CallGPT 6X combines six AI providers (OpenAI, Anthropic, Google, xAI, Mistral, Perplexity) and 20+ models in one interface, with smart routing that selects the optimal model for each task. The company has filed a patent on its approach.

Will It Work?

Client-side privacy isn’t a new concept, but applying it to multi-model AI workspaces is. CallGPT 6X is among the first to market with this architecture.

The challenge is adoption. The solution requires professionals to work within CallGPT’s browser interface rather than native ChatGPT or Claude apps, a potential friction point for teams wedded to existing workflows.

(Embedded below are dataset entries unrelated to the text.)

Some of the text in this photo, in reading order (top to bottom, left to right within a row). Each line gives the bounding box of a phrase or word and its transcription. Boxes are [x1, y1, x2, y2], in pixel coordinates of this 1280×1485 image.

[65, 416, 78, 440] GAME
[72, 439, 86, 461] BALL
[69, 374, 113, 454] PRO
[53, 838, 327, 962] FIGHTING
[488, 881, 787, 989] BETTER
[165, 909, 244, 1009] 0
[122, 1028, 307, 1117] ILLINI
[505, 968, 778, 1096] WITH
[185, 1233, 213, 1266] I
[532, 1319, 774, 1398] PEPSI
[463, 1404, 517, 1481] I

Shah acknowledges this: “Behaviour change is the hardest part. But so is explaining to the ICO why client data ended up on a San Francisco server.”

Independent observers suggest the approach is technically sound. The question is whether enterprises, notoriously slow to change, will prioritise architectural privacy over familiar interfaces.

What Happens Next

The clock is ticking.

European regulators issued 363 breach notifications per day in 2024. The EU AI Act is adding new obligations for “high-risk” AI systems in legal, healthcare, and financial services. The Dutch DPA is pursuing personal liability for executives. The ICO, while currently issuing fewer fines, has signalled that AI compliance is a priority.

The first major AI-related data breach, or the first GDPR enforcement action against a firm using ChatGPT for client work, will change everything.

Professionals who wait for that moment may find themselves on the wrong side of it.

“The breach is coming,” Shah says. “It’s just a question of who and when. We built CallGPT 6X so it doesn’t have to be our users.”